| Exercise input |

*-*-*

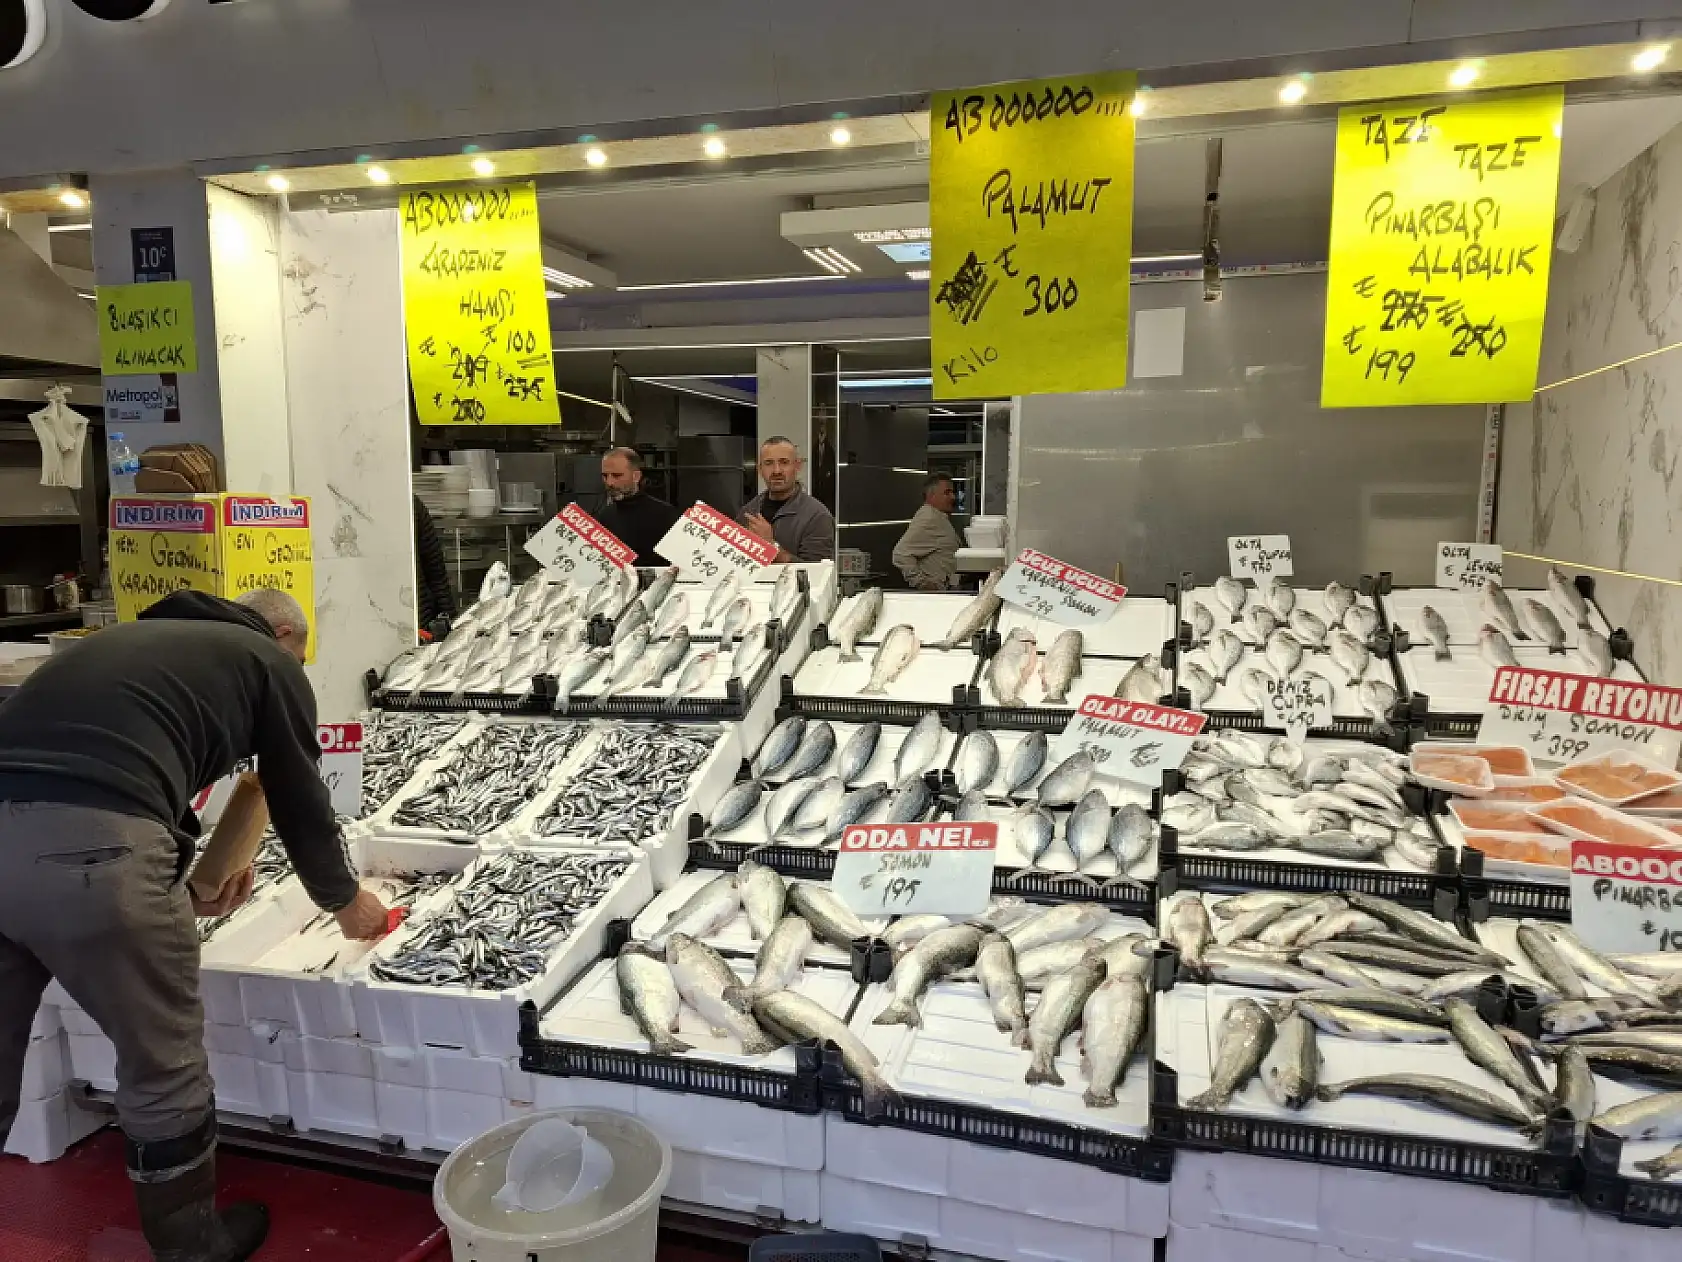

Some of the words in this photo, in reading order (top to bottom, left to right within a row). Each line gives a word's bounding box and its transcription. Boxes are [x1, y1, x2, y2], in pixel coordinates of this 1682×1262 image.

[1359, 106, 1447, 163] TAZE
[1454, 136, 1542, 181] TAZE
[982, 168, 1112, 234] PALAMUT
[1408, 241, 1538, 283] ALABALIK
[1022, 274, 1078, 316] 300
[506, 329, 536, 354] 100
[1365, 348, 1416, 385] 199
[105, 388, 163, 404] Metropol
[115, 501, 205, 524] İNDİRİM
[1441, 545, 1470, 560] OLTA
[1494, 670, 1580, 710] FIRSAT
[1083, 698, 1132, 719] OLAY
[1570, 713, 1656, 743] SOMON
[847, 828, 908, 849] ODA
[882, 876, 922, 908] 195
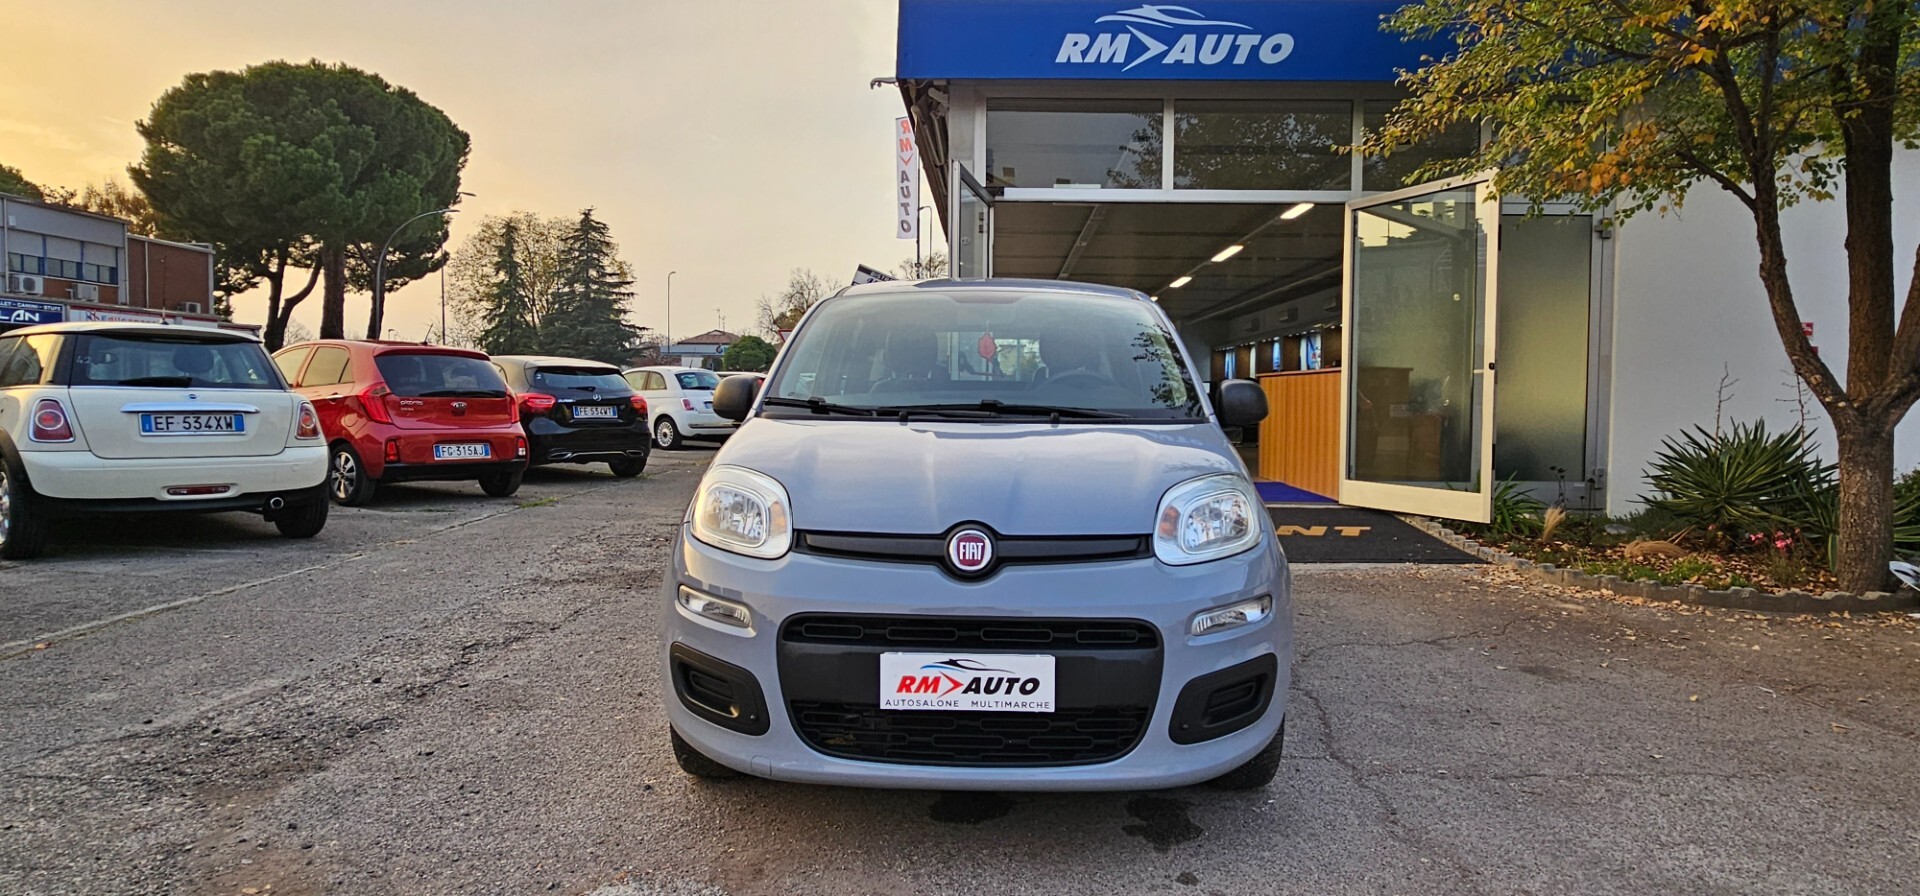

*-*-*

Nothing but the pictures should be left out when the listing above is transcribed.

| Result of this exercise |
Some of the words in this photo, in reading order (top to bottom, left to right within a row). Each line gives a word's bounding box and its transcription. Boxes are [x1, y1, x2, y2], in pixel coordinates of this 1682×1262 image.

[1359, 106, 1447, 163] TAZE
[1454, 136, 1542, 181] TAZE
[982, 168, 1112, 234] PALAMUT
[1408, 241, 1538, 283] ALABALIK
[1022, 274, 1078, 316] 300
[506, 329, 536, 354] 100
[1365, 348, 1416, 385] 199
[105, 388, 163, 404] Metropol
[115, 501, 205, 524] İNDİRİM
[1441, 545, 1470, 560] OLTA
[1494, 670, 1580, 710] FIRSAT
[1083, 698, 1132, 719] OLAY
[1570, 713, 1656, 743] SOMON
[847, 828, 908, 849] ODA
[882, 876, 922, 908] 195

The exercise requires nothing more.